ARC Journal of Cardiology

Volume-1 Issue-1, 2015

Methodological Flaws in the Chabot Trial of Pancreatic Enzymes for Cancer Therapy
Colin A. Ross, M.D.
Download | Full Text HTML | Page No : 22-24


A trial of gemcitabine versus pancreatic enzymes for the treatment of pancreatic cancer reported an average survival time of 14 months for the chemotherapy group and 4.3 months for the enzyme group. Due to extensive missing information, readers of the paper reporting the trial would conclude that the study was valid. When this missing information is made available, as it is in the present report, it becomes evident that there were numerous serious methodological flaws in the study. No scientifically valid conclusions about the treatment of cancer with pancreatic enzymes can be reached from this study

Keywords: pancreatic cancer, gemcitabine, pancreatic enzymes, clinical trial, methodological flaws



Colin A. Ross, M.D.
The Colin A. Ross Institute for Psychological Trauma
1701 Gateway, #349, Richardson, TX 75080, USA


Chabot, Tsai, Fine, Chen, Kumah, Antman, and Grann [1] published a trial comparing gemcitabine to pancreatic enzymes for the treatment of pancreatic cancer. Anyone reading the paper would think that the study was well conducted and the results valid. Summarizing the trial, the National Cancer Institute ( states that, "Patients treated with standard chemotherapy survived an average of 14 months and patients treated with the Gonzalez regimen survived only an average of 4.3 months."

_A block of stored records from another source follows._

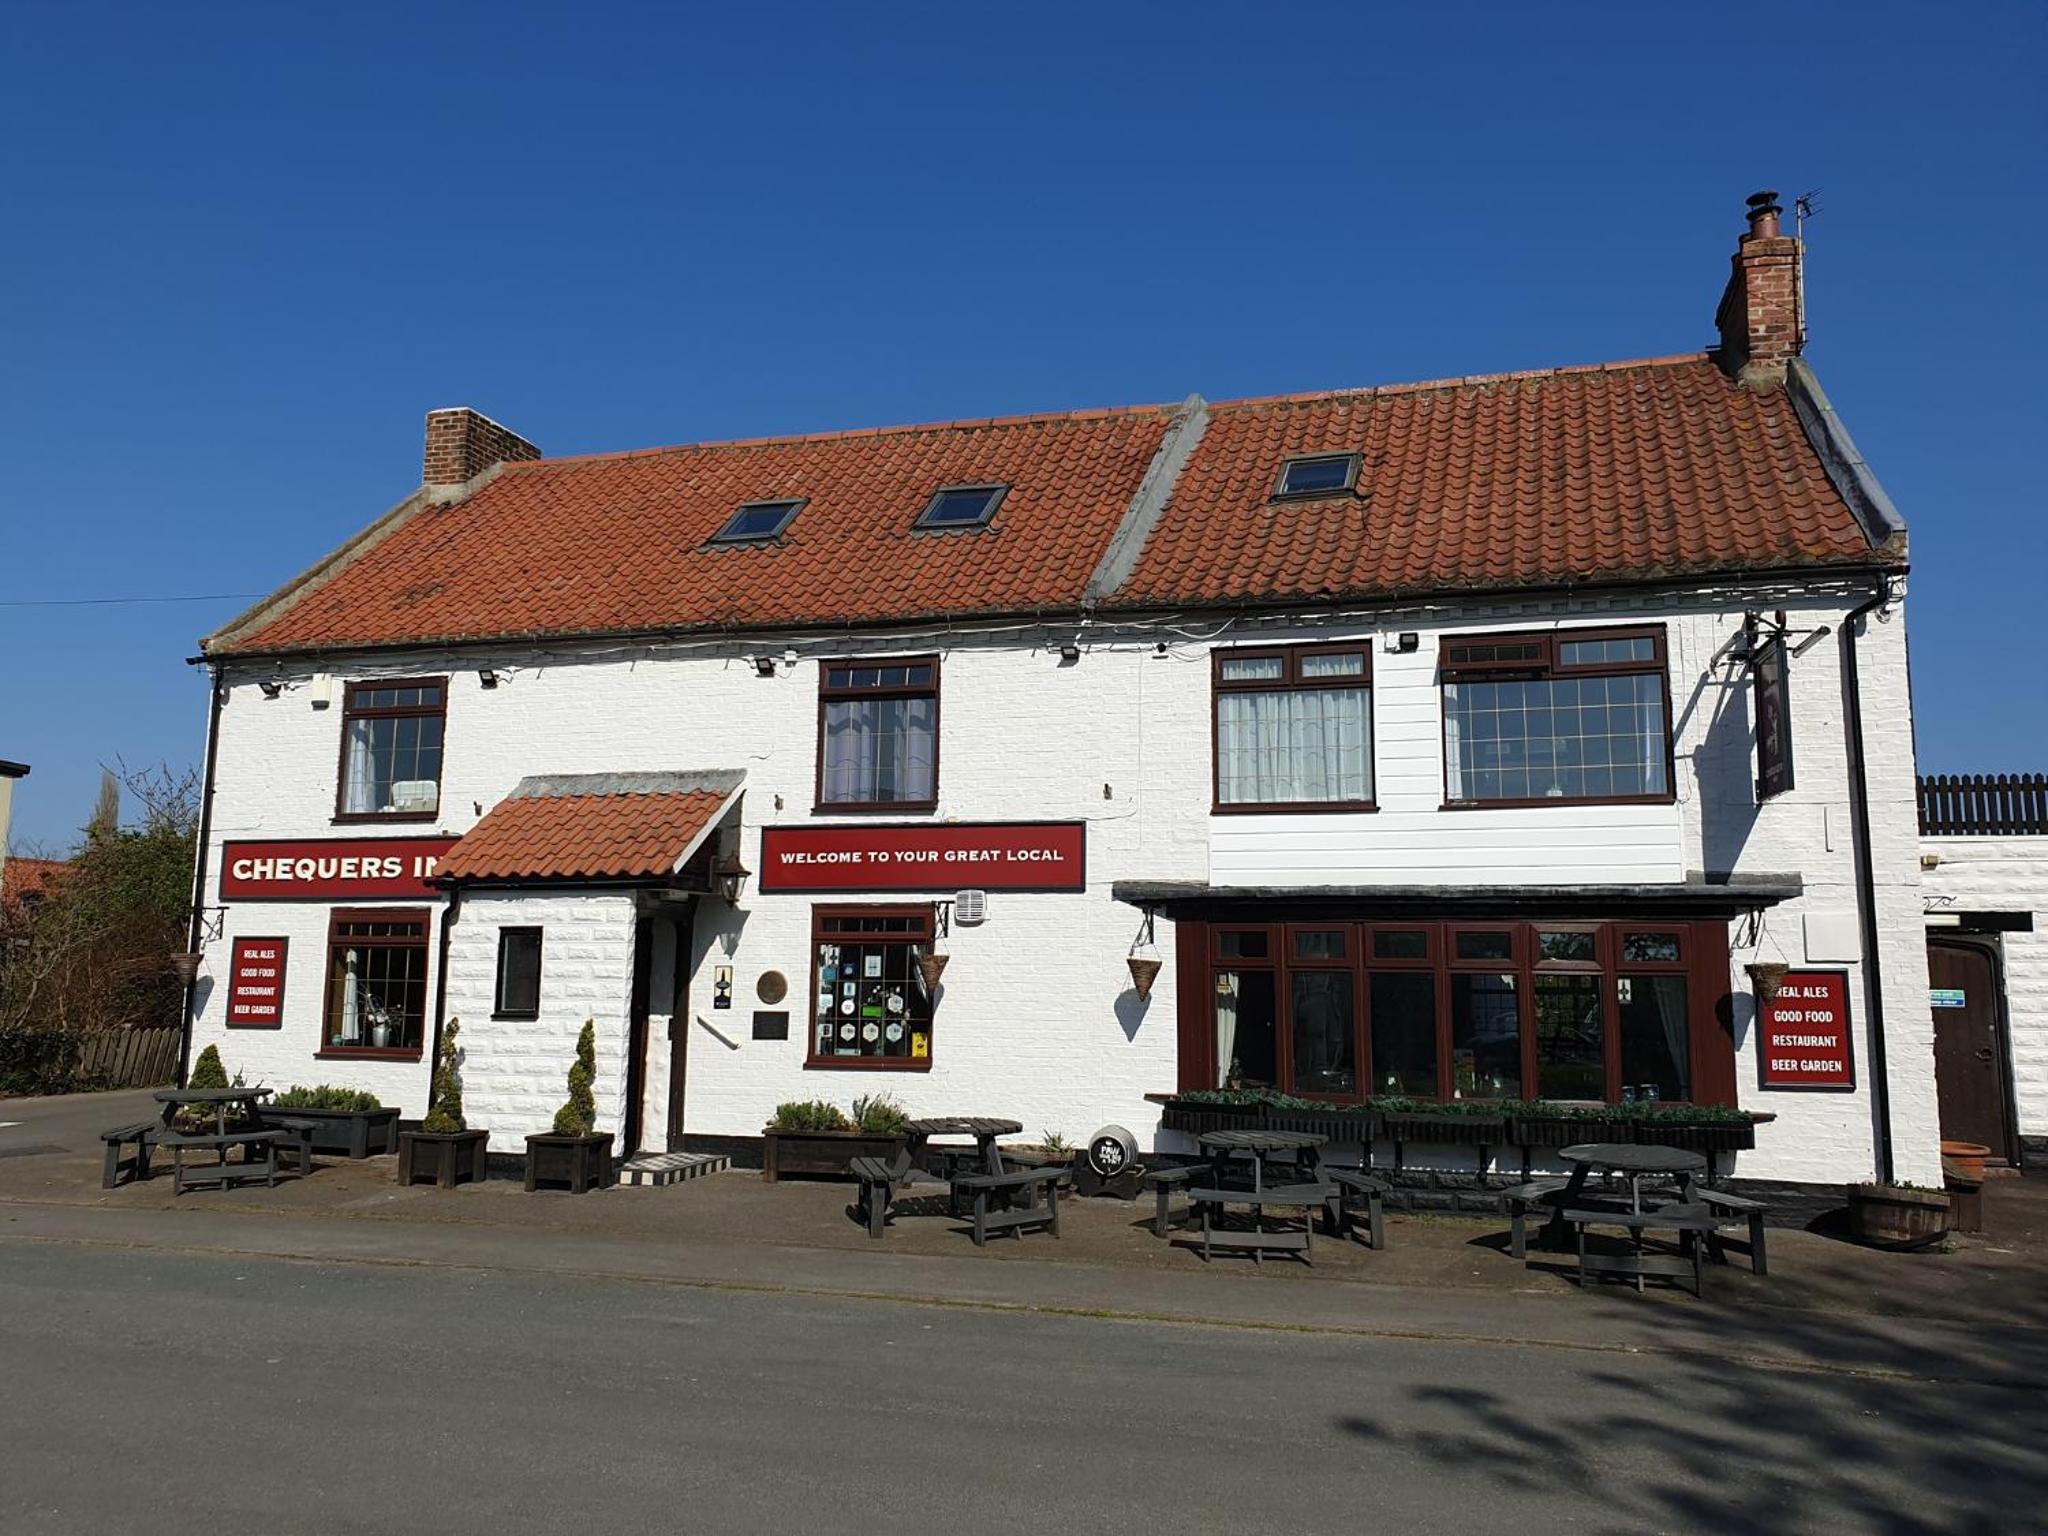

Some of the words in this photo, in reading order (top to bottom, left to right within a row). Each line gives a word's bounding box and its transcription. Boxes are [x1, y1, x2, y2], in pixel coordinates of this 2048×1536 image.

[780, 852, 862, 864] WELCOME
[868, 851, 890, 863] TO
[894, 851, 939, 863] YOUR
[944, 850, 1001, 862] GREAT
[1007, 849, 1064, 861] LOCAL
[232, 857, 403, 882] CHEQUERS
[244, 949, 259, 959] REAL
[260, 949, 275, 960] ALES
[240, 968, 258, 977] GOOD
[258, 968, 275, 978] FOOD
[237, 986, 276, 997] RESTAURANT
[1803, 986, 1829, 998] ALES
[234, 1004, 250, 1015] BEER
[251, 1004, 276, 1015] GARDEN
[1774, 1010, 1803, 1022] GOOD
[1805, 1011, 1833, 1023] FOOD
[1772, 1034, 1838, 1047] RESTAURANT
[1771, 1059, 1798, 1071] BEER
[1800, 1060, 1842, 1072] GARDEN

Although these are indeed the results reported by Chabot et al.[1], a team of physicians at Columbia who had managerial control of the trial, the study is so flawed that no conclusions about the effectiveness of the pancreatic enzyme treatment of cancer can be reached from its findings. The purpose of this paper is to review these methodological flaws, which have been discussed by Gonzalez [2] but not described in the peer-reviewed literature.

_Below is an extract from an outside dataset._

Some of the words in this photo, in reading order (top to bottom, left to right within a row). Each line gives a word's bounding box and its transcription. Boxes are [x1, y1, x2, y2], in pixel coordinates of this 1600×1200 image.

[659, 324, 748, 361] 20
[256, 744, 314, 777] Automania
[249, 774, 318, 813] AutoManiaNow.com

The pancreatic enzyme treatment tested in the study was based on the trophoblast model of cancer [3 4]. The National Cancer Institute ( states that, "The Gonzalez regimen is based on the theory that pancreatic enzymes help the body get rid of toxins (harmful substances) that lead to cancer." This is not correct. The trophoblast model of cancer does not state that pancreatic enzymes rid the body of toxins. The Gonzalez regimen is based on the hypothesis that the pancreatic enzymes act on ectopic trophoblasts that have become malignant; just as they convert the trophoblast to the stable placenta during fetal development, in the adult these enzymes convert cancerous trophoblasts to a stable, non-malignant state. The adult cancer cells are not de-differentiated normal tissue cells, rather they are ectopic trophoblasts that have escaped normal regulation and taken on features of their surrounding tissue due to local signaling mechanisms.

Both the erroneous characterization of the trophoblast model of cancer and the mistaken characterization of the Chabot et al. [1] trial as valid should be corrected. This is true because of the following problems with the study:


Problems with the Initial Randomization Design
A randomized, prospective, controlled trial is the gold standard for any treatment study. This was the initial design for the pancreatic enzyme trial for the first year. Although it was the best design in theory, in clinical reality, it was unmanageable. Most patients referred to the trial were interested in alternative approaches and wanted to try pancreatic enzymes. These people declined to participate once they learned that they might be randomized to chemotherapy. Conversely, prospective patients not interested in alternative approaches would not agree to participate because they would not want to take the risk of being randomized to pancreatic enzymes. Despite objections about these problems with randomization raised by Dr. Gonzalez and Dr. Isaacs, the Columbia team went ahead with the randomization.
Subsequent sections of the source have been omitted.